#### Task statement:
Exactly as they stand, give the records below again, with no images.

Saved data entries
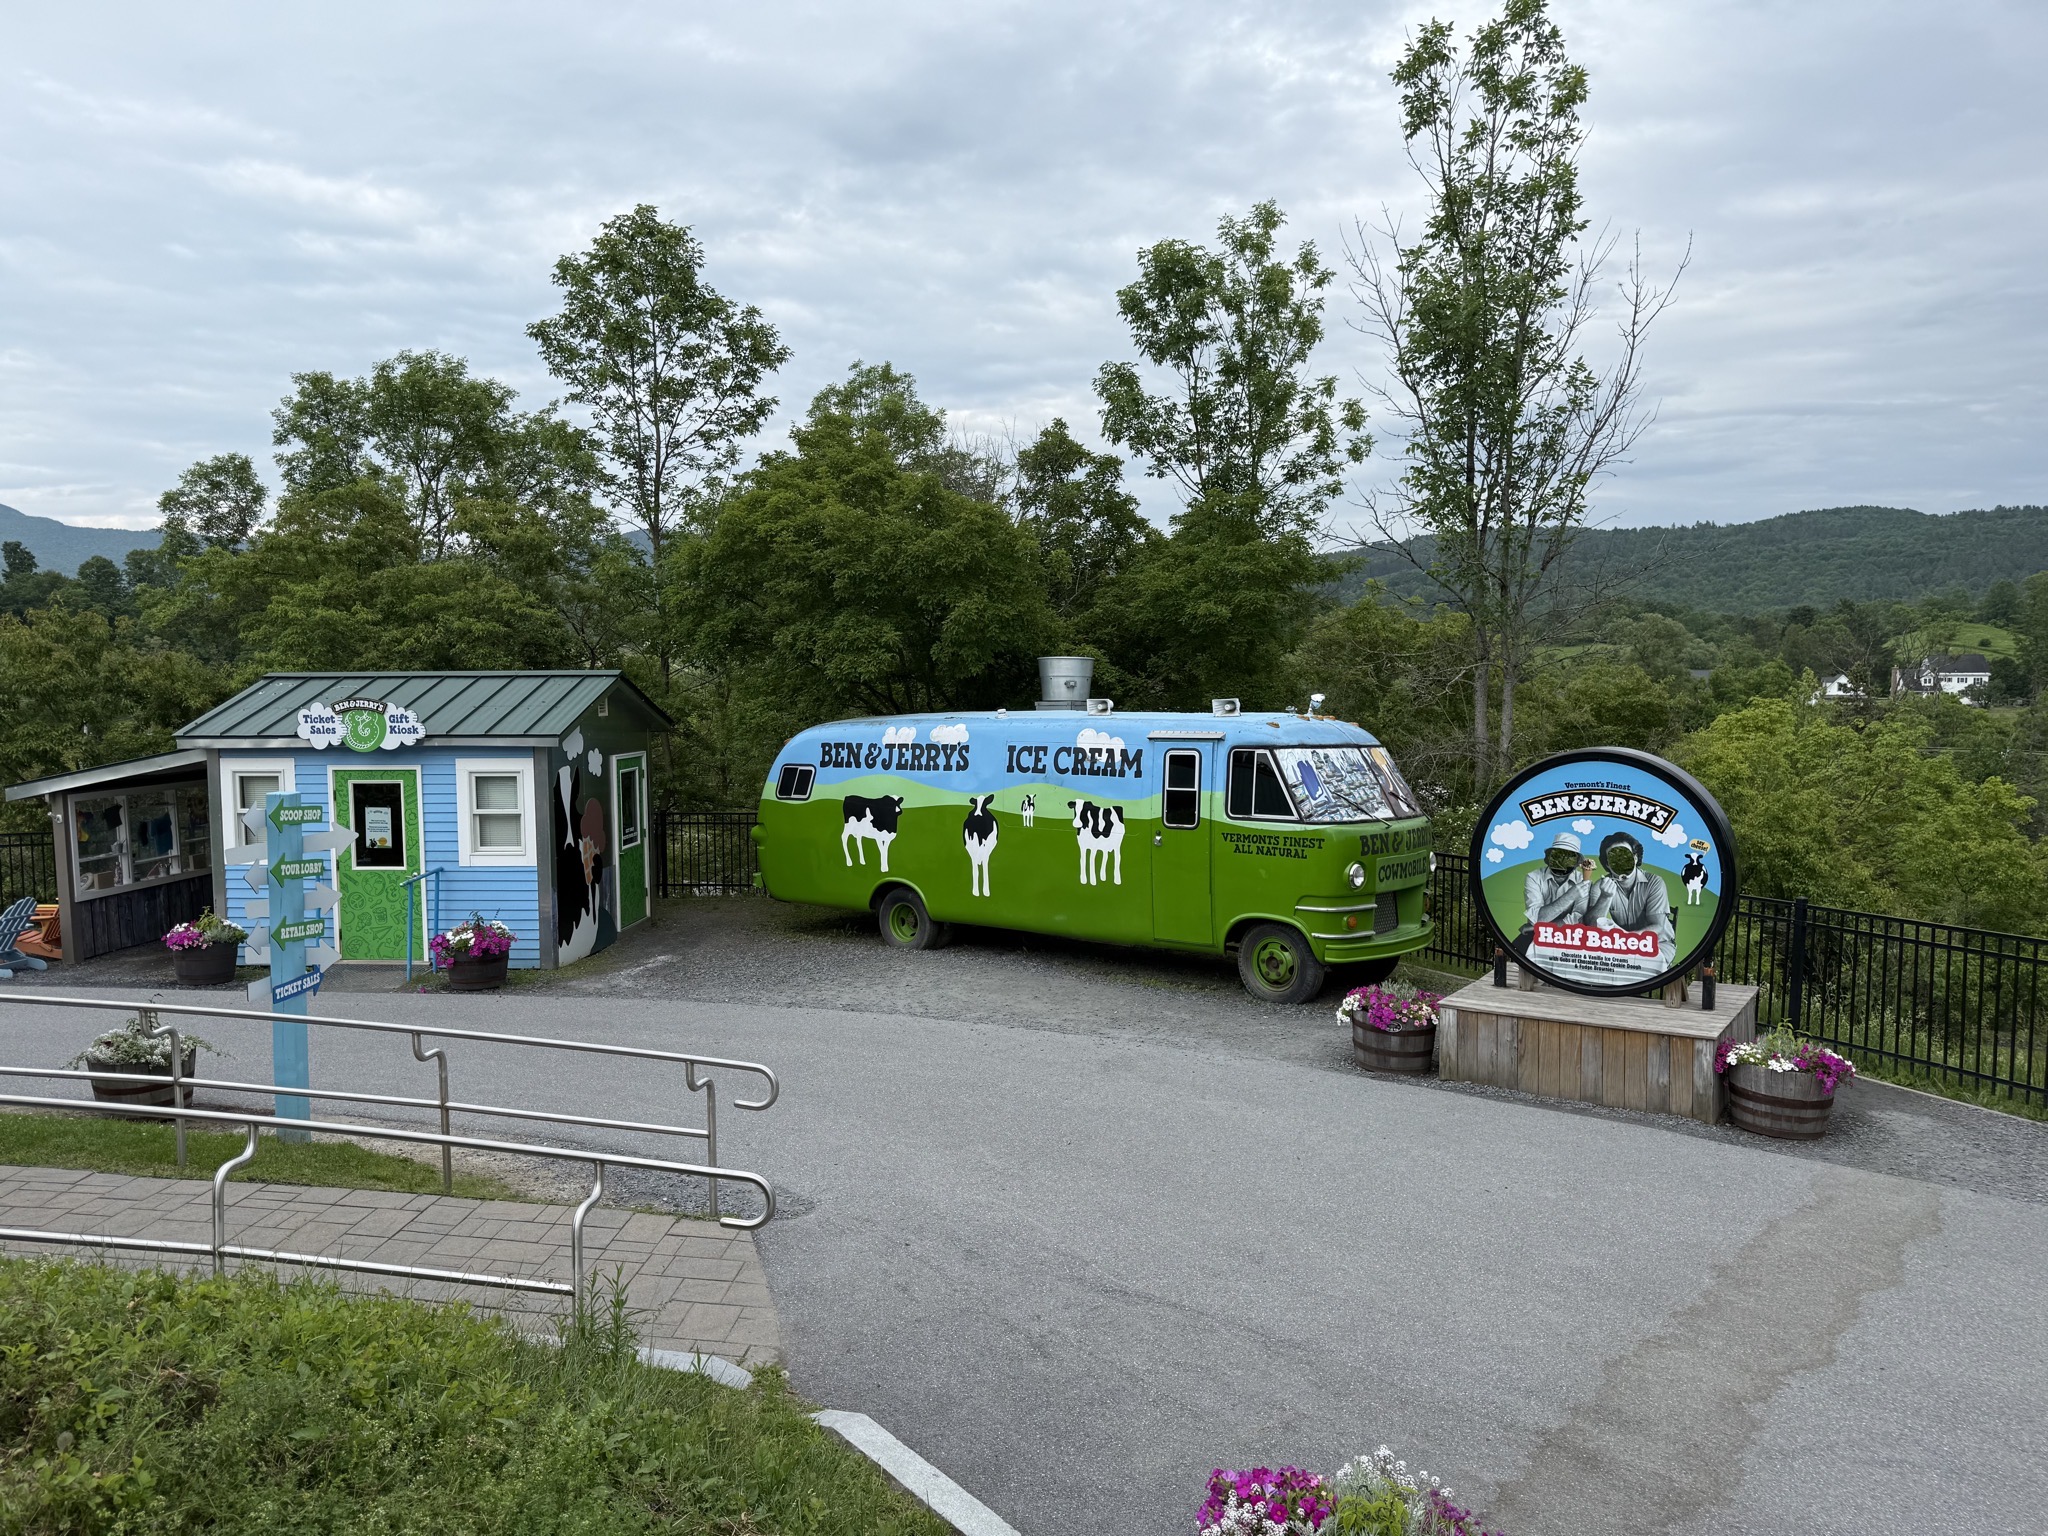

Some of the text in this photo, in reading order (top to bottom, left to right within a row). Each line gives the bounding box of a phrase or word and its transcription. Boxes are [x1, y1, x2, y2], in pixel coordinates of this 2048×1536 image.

[302, 714, 336, 724] Ticket
[388, 713, 410, 724] Gift
[310, 725, 337, 735] Sales
[389, 725, 420, 735] Kiosk
[1006, 745, 1049, 774] ICE
[1053, 746, 1143, 778] CREAM
[1564, 781, 1631, 791] Vermont's Finest
[280, 809, 322, 822] SCOOP SHOP
[1221, 832, 1326, 850] VERMONT'S FINEST
[1359, 833, 1391, 857] BEN
[1392, 831, 1404, 853] &
[1233, 843, 1308, 860] ALL NATURAL
[281, 862, 323, 876] TOUR LOBBY
[1378, 856, 1427, 883] COWMOBILE
[281, 922, 324, 940] RETAIL SHOP
[1538, 926, 1654, 953] Half Baked
[275, 972, 321, 1000] TICKET SALES
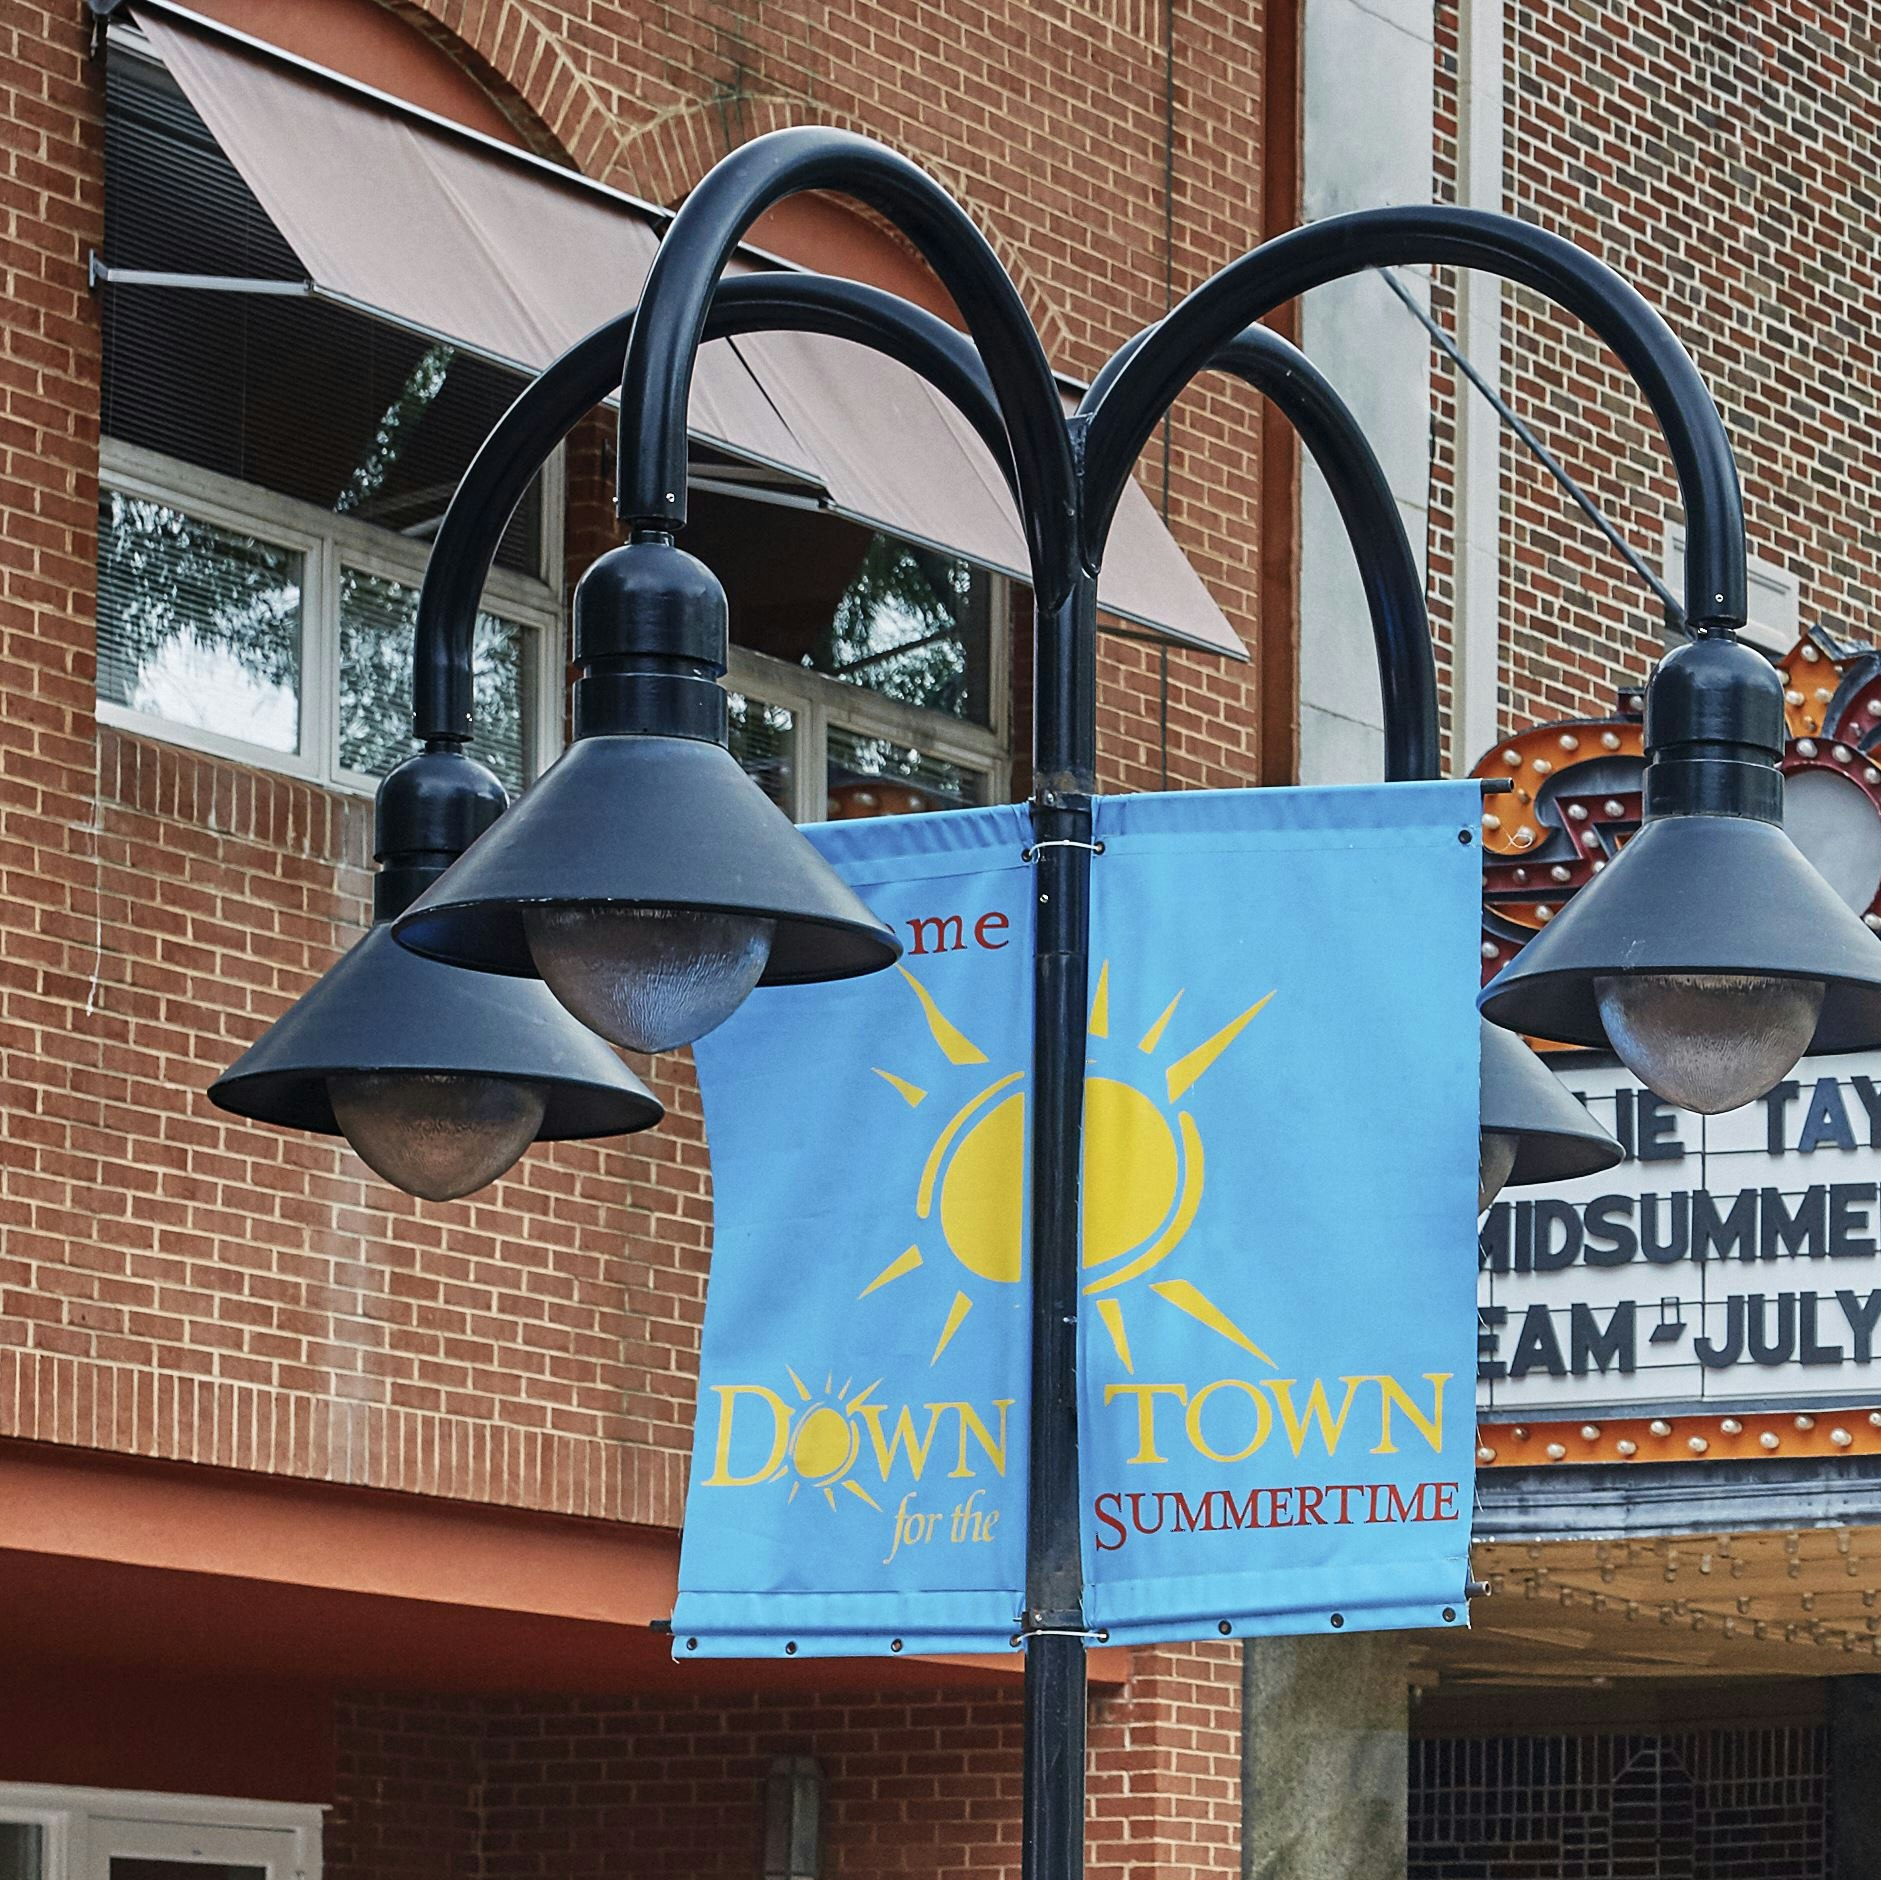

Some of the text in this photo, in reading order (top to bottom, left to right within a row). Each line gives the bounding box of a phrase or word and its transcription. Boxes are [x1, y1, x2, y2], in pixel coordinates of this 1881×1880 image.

#### Problem solution:
Some of the text in this photo, in reading order (top to bottom, left to right within a row). Each line gives the bounding box of a phrase or word and its transcription. Boxes are [x1, y1, x2, y2], in pixel coordinates of this 2048×1536 image.

[302, 714, 336, 724] Ticket
[388, 713, 410, 724] Gift
[310, 725, 337, 735] Sales
[389, 725, 420, 735] Kiosk
[1006, 745, 1049, 774] ICE
[1053, 746, 1143, 778] CREAM
[1564, 781, 1631, 791] Vermont's Finest
[280, 809, 322, 822] SCOOP SHOP
[1221, 832, 1326, 850] VERMONT'S FINEST
[1359, 833, 1391, 857] BEN
[1392, 831, 1404, 853] &
[1233, 843, 1308, 860] ALL NATURAL
[281, 862, 323, 876] TOUR LOBBY
[1378, 856, 1427, 883] COWMOBILE
[281, 922, 324, 940] RETAIL SHOP
[1538, 926, 1654, 953] Half Baked
[275, 972, 321, 1000] TICKET SALES

Some of the text in this photo, in reading order (top to bottom, left to right within a row). Each line gives the bounding box of a phrase or word and its transcription. Boxes are [x1, y1, x2, y2], in pixel coordinates of this 1881×1880 image.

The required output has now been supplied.